Segment Start: Exercise data

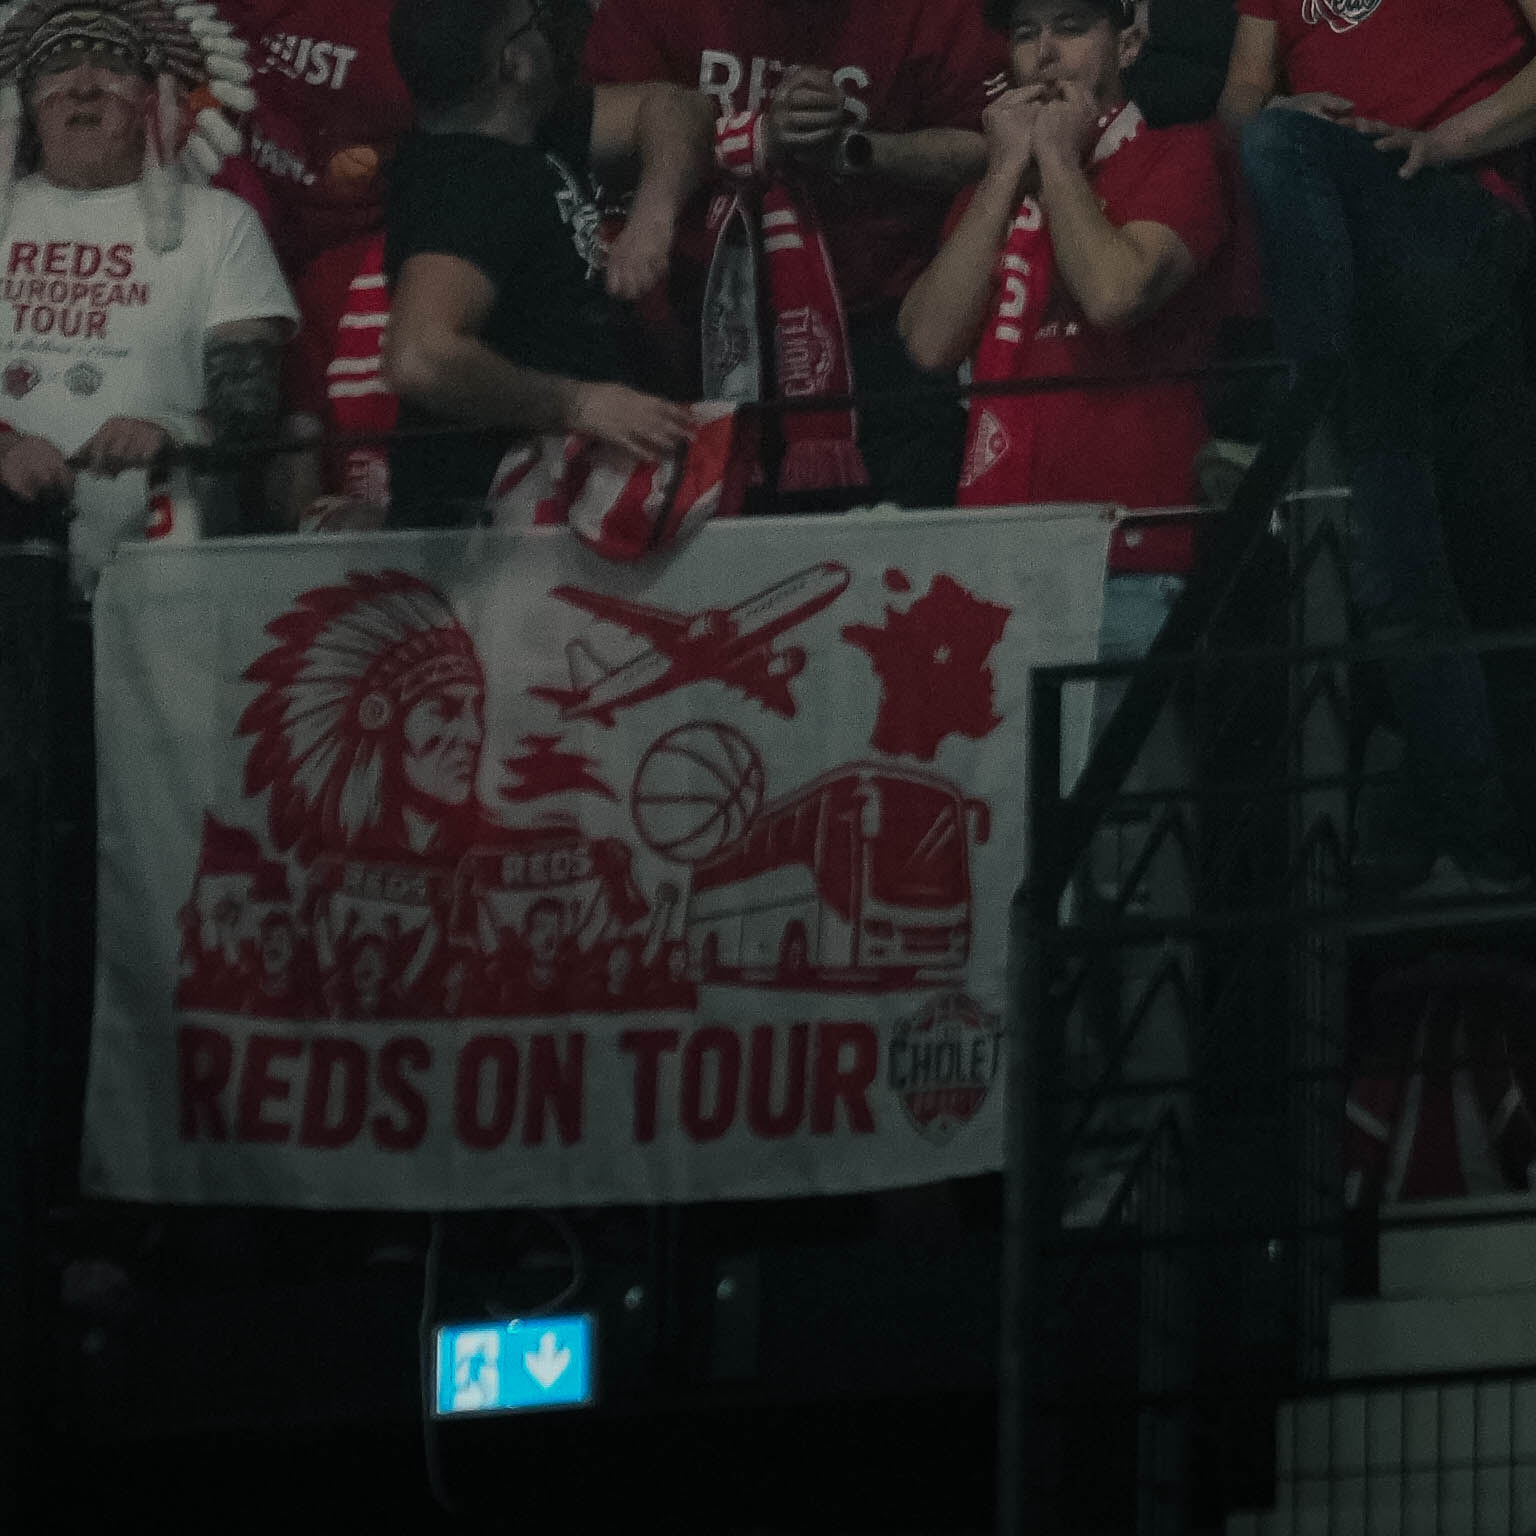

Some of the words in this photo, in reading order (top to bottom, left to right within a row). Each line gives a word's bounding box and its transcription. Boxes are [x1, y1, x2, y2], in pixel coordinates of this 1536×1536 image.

[8, 240, 134, 279] REDS
[0, 278, 150, 307] UROPEAN
[13, 303, 108, 339] TOUR
[888, 1032, 1003, 1089] CHOLET
[177, 1024, 432, 1152] REDS
[455, 1031, 585, 1150] ON
[618, 1021, 878, 1144] TOUR
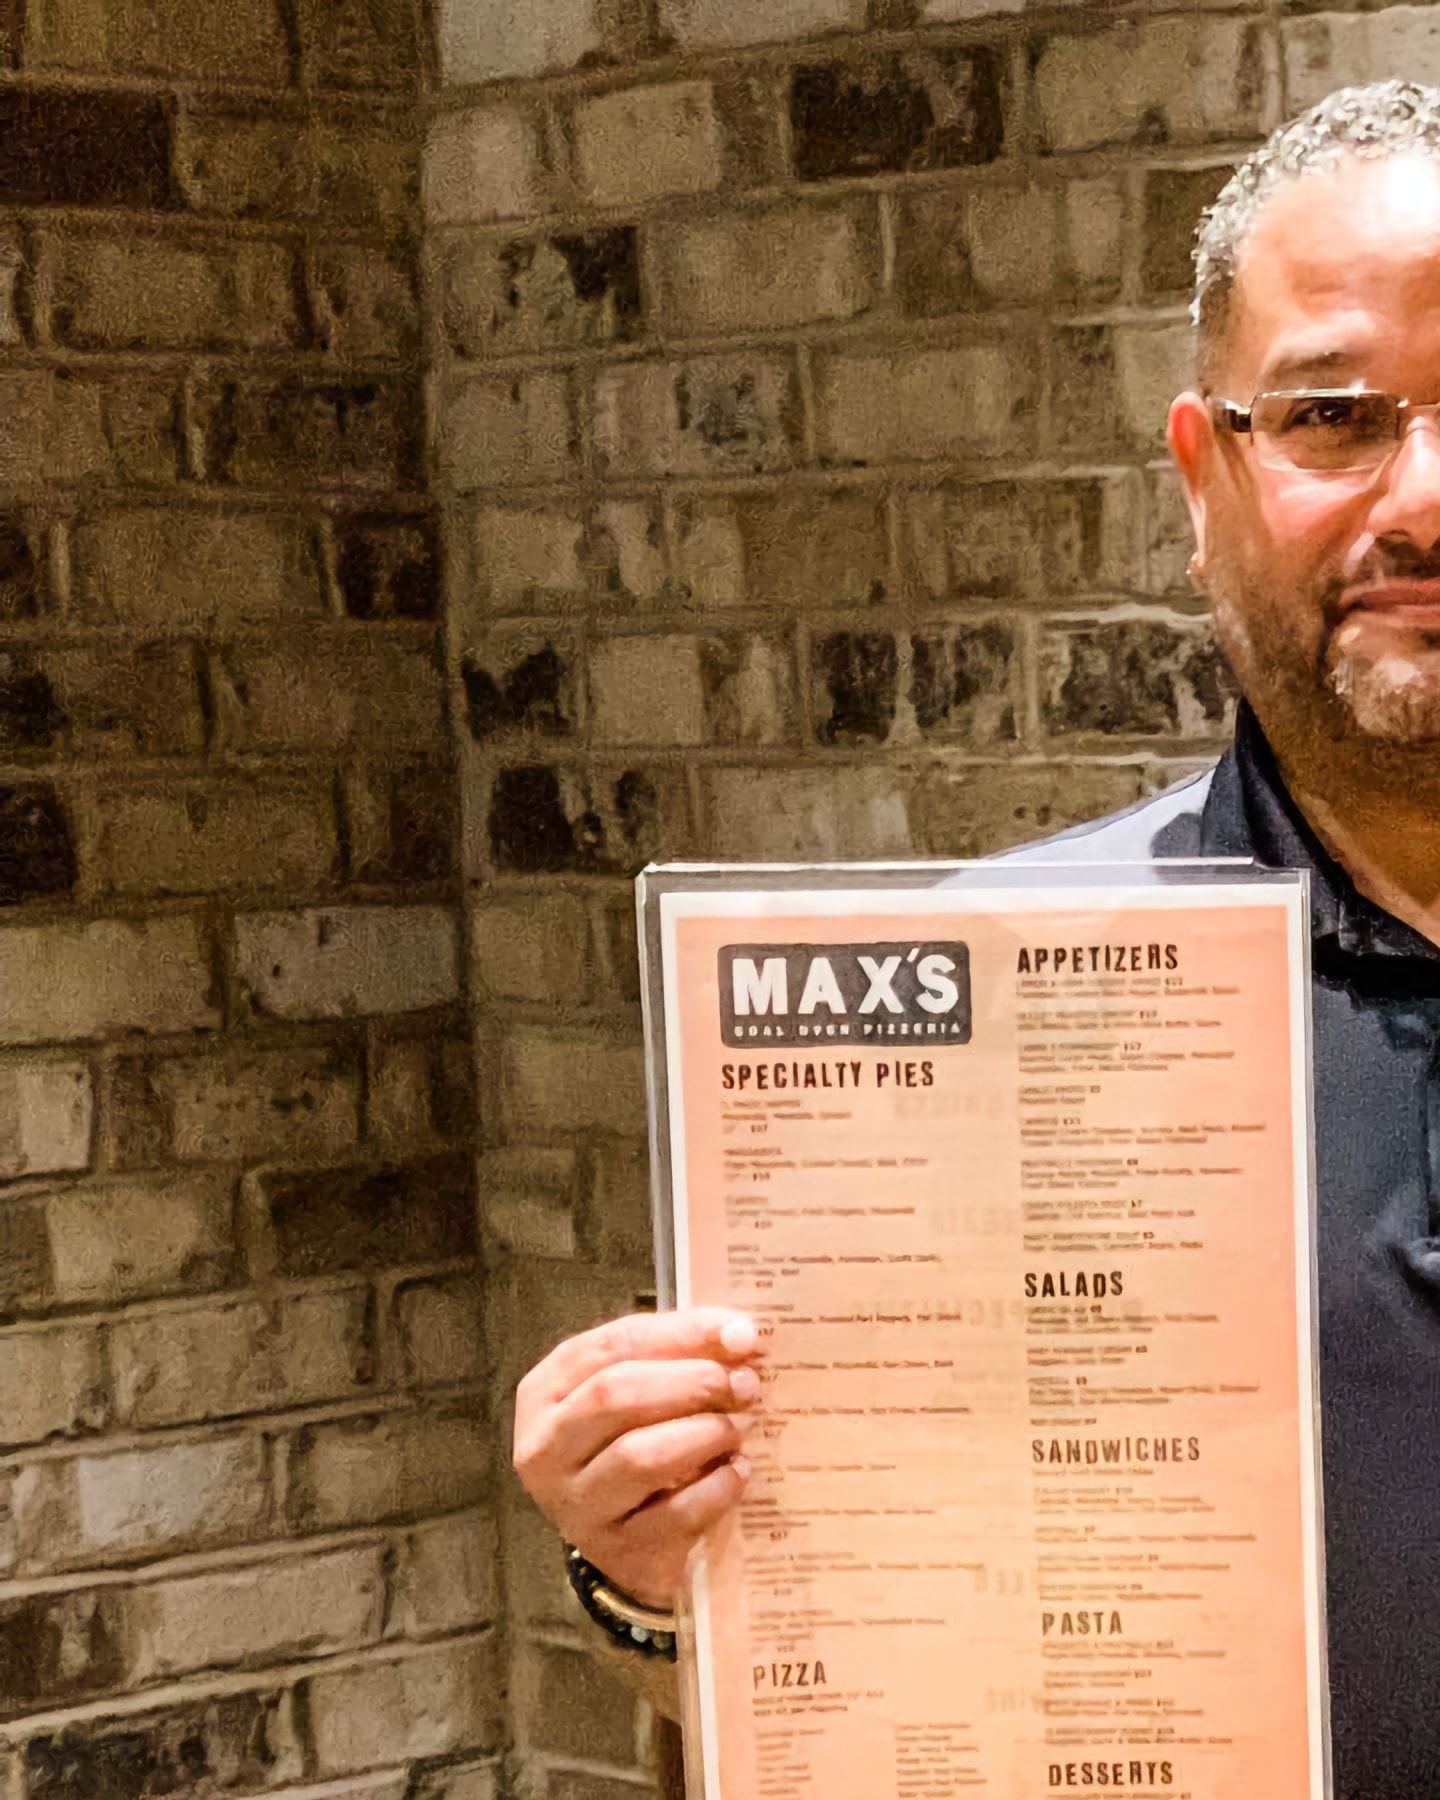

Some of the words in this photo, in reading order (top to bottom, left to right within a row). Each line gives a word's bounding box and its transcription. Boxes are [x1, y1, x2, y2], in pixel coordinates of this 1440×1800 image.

[1017, 943, 1180, 973] APPETIZERS
[732, 947, 959, 1016] MAX'S
[721, 1061, 863, 1091] SPECIALTY
[876, 1061, 935, 1088] PIES
[1024, 1270, 1124, 1298] SALADS
[1031, 1436, 1201, 1465] SANDWICHES
[1041, 1610, 1123, 1636] PASTA
[752, 1660, 827, 1690] PIZZA
[1048, 1760, 1174, 1786] DESSERTS
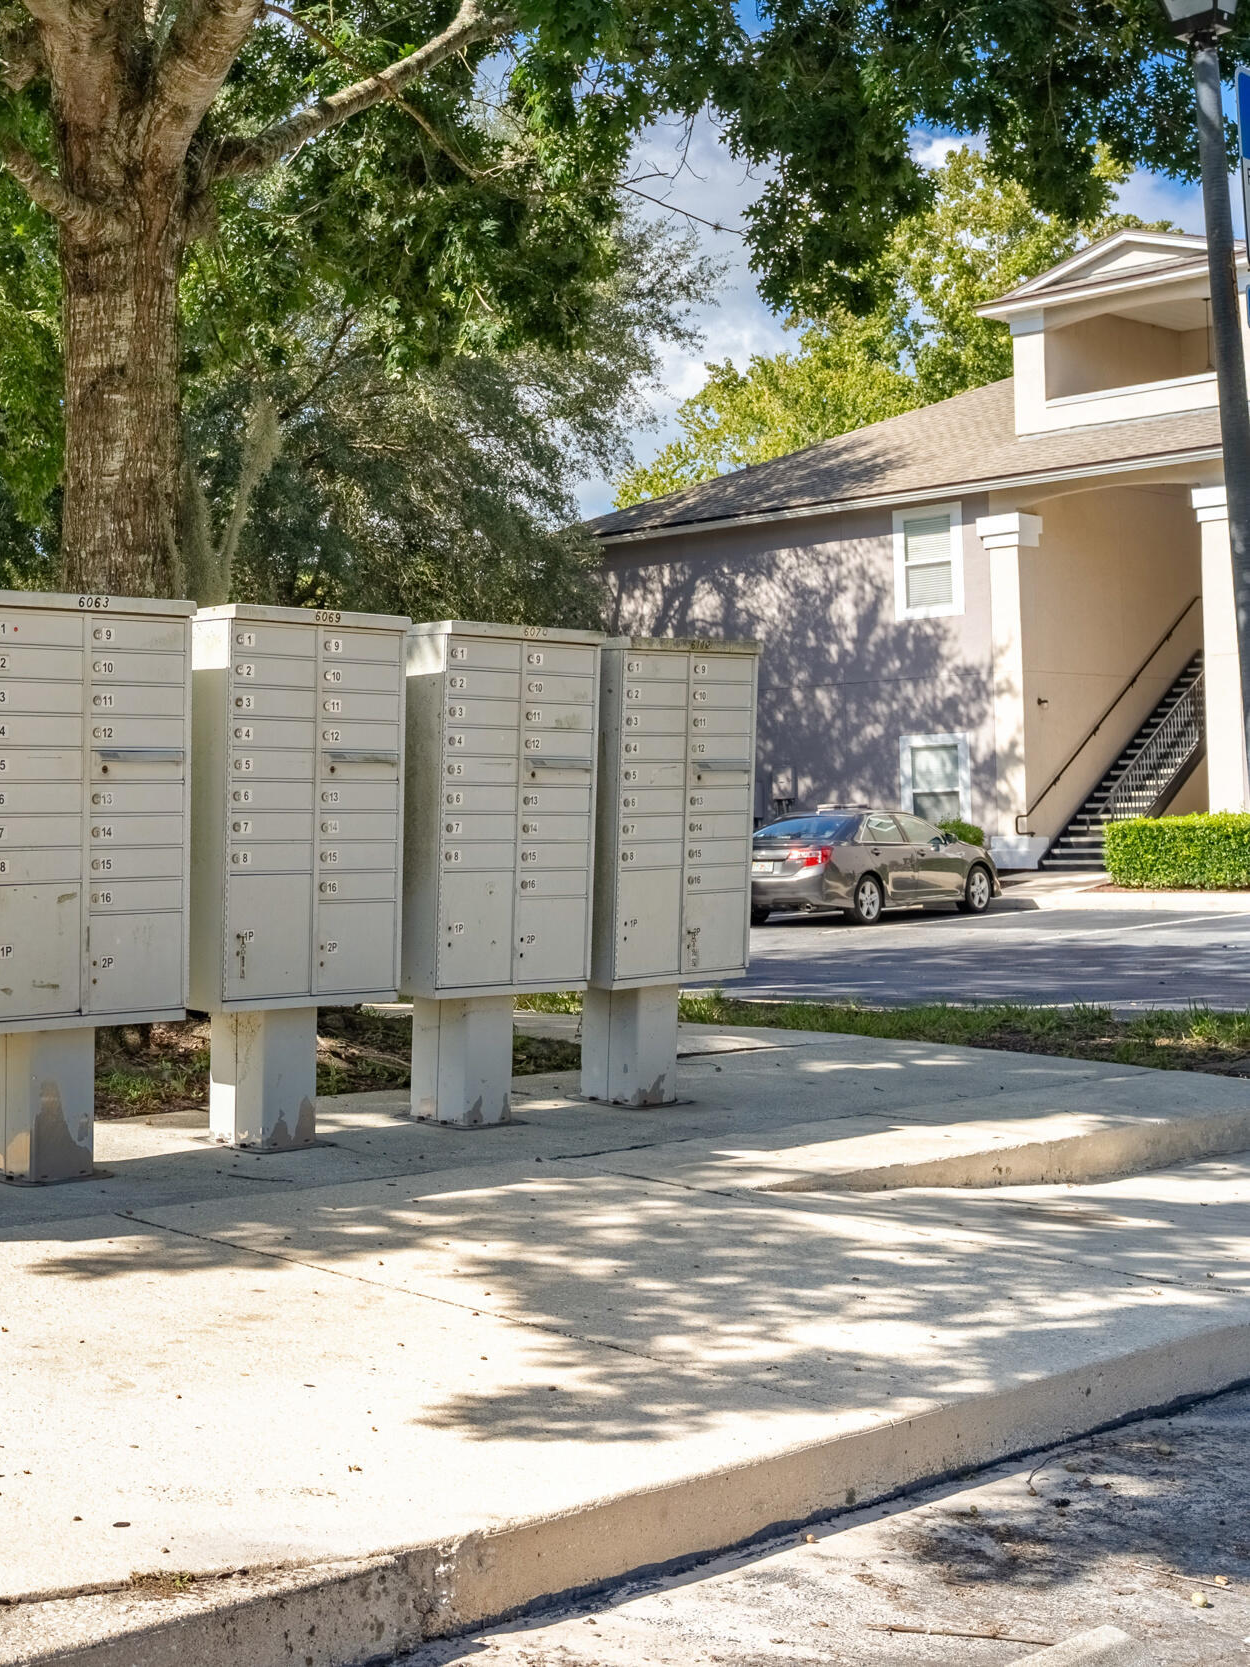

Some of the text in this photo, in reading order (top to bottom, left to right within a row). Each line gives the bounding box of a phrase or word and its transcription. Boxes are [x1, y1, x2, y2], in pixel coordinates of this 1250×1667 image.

[78, 596, 110, 609] 6063
[315, 611, 342, 624] 6069
[0, 624, 6, 633] 1
[106, 630, 111, 640] 9
[247, 635, 252, 644] 1
[334, 641, 340, 650] 9
[460, 649, 464, 658] 1
[1, 658, 6, 668] 2
[535, 655, 541, 664] 9
[103, 663, 113, 672] 10
[246, 666, 251, 675] 2
[635, 663, 640, 671] 1
[332, 672, 340, 681] 10
[459, 679, 464, 688] 2
[535, 684, 542, 692] 10
[0, 692, 5, 702] 3
[634, 690, 640, 698] 2
[103, 696, 112, 705] 11
[245, 698, 251, 707] 3
[332, 702, 339, 710] 11
[458, 707, 463, 716] 3
[533, 711, 541, 721] 11
[633, 717, 639, 725] 3
[700, 718, 706, 726] 11
[0, 726, 5, 736] 4
[103, 728, 112, 738] 12
[245, 729, 250, 738] 4
[331, 732, 339, 741] 12
[457, 736, 462, 745] 4
[532, 739, 539, 748] 12
[698, 744, 704, 752] 12
[0, 760, 5, 770] 5
[245, 760, 250, 769] 5
[456, 765, 462, 774] 5
[632, 771, 637, 779] 5
[0, 794, 4, 804] 6
[102, 794, 112, 804] 13
[244, 791, 249, 800] 6
[330, 792, 338, 801] 13
[455, 794, 461, 803] 6
[530, 796, 538, 805] 13
[696, 797, 704, 805] 13
[243, 822, 249, 831] 7
[454, 823, 460, 832] 7
[530, 824, 537, 833] 14
[630, 825, 635, 833] 7
[0, 828, 4, 838] 7
[102, 827, 111, 837] 14
[242, 853, 248, 863] 8
[329, 852, 337, 861] 15
[453, 852, 459, 861] 8
[529, 852, 536, 860] 15
[694, 850, 702, 858] 15
[0, 862, 5, 872] 8
[101, 860, 111, 869] 15
[328, 883, 336, 892] 16
[527, 880, 536, 889] 16
[101, 893, 111, 902] 16
[455, 924, 463, 932] 1P
[245, 931, 254, 941] 1P
[527, 935, 535, 944] 2P
[1, 946, 12, 957] 1P
[328, 943, 337, 952] 2P
[102, 958, 113, 968] 2P

Segment End: Exercise data

What is required → Starting at the line that contains "Some of the text", output every remaining line of the data exactly, and stop after the last one.

Finished task →
Some of the text in this photo, in reading order (top to bottom, left to right within a row). Each line gives the bounding box of a phrase or word and its transcription. Boxes are [x1, y1, x2, y2], in pixel coordinates of this 1250×1667 image.

[78, 596, 110, 609] 6063
[315, 611, 342, 624] 6069
[0, 624, 6, 633] 1
[106, 630, 111, 640] 9
[247, 635, 252, 644] 1
[334, 641, 340, 650] 9
[460, 649, 464, 658] 1
[1, 658, 6, 668] 2
[535, 655, 541, 664] 9
[103, 663, 113, 672] 10
[246, 666, 251, 675] 2
[635, 663, 640, 671] 1
[332, 672, 340, 681] 10
[459, 679, 464, 688] 2
[535, 684, 542, 692] 10
[0, 692, 5, 702] 3
[634, 690, 640, 698] 2
[103, 696, 112, 705] 11
[245, 698, 251, 707] 3
[332, 702, 339, 710] 11
[458, 707, 463, 716] 3
[533, 711, 541, 721] 11
[633, 717, 639, 725] 3
[700, 718, 706, 726] 11
[0, 726, 5, 736] 4
[103, 728, 112, 738] 12
[245, 729, 250, 738] 4
[331, 732, 339, 741] 12
[457, 736, 462, 745] 4
[532, 739, 539, 748] 12
[698, 744, 704, 752] 12
[0, 760, 5, 770] 5
[245, 760, 250, 769] 5
[456, 765, 462, 774] 5
[632, 771, 637, 779] 5
[0, 794, 4, 804] 6
[102, 794, 112, 804] 13
[244, 791, 249, 800] 6
[330, 792, 338, 801] 13
[455, 794, 461, 803] 6
[530, 796, 538, 805] 13
[696, 797, 704, 805] 13
[243, 822, 249, 831] 7
[454, 823, 460, 832] 7
[530, 824, 537, 833] 14
[630, 825, 635, 833] 7
[0, 828, 4, 838] 7
[102, 827, 111, 837] 14
[242, 853, 248, 863] 8
[329, 852, 337, 861] 15
[453, 852, 459, 861] 8
[529, 852, 536, 860] 15
[694, 850, 702, 858] 15
[0, 862, 5, 872] 8
[101, 860, 111, 869] 15
[328, 883, 336, 892] 16
[527, 880, 536, 889] 16
[101, 893, 111, 902] 16
[455, 924, 463, 932] 1P
[245, 931, 254, 941] 1P
[527, 935, 535, 944] 2P
[1, 946, 12, 957] 1P
[328, 943, 337, 952] 2P
[102, 958, 113, 968] 2P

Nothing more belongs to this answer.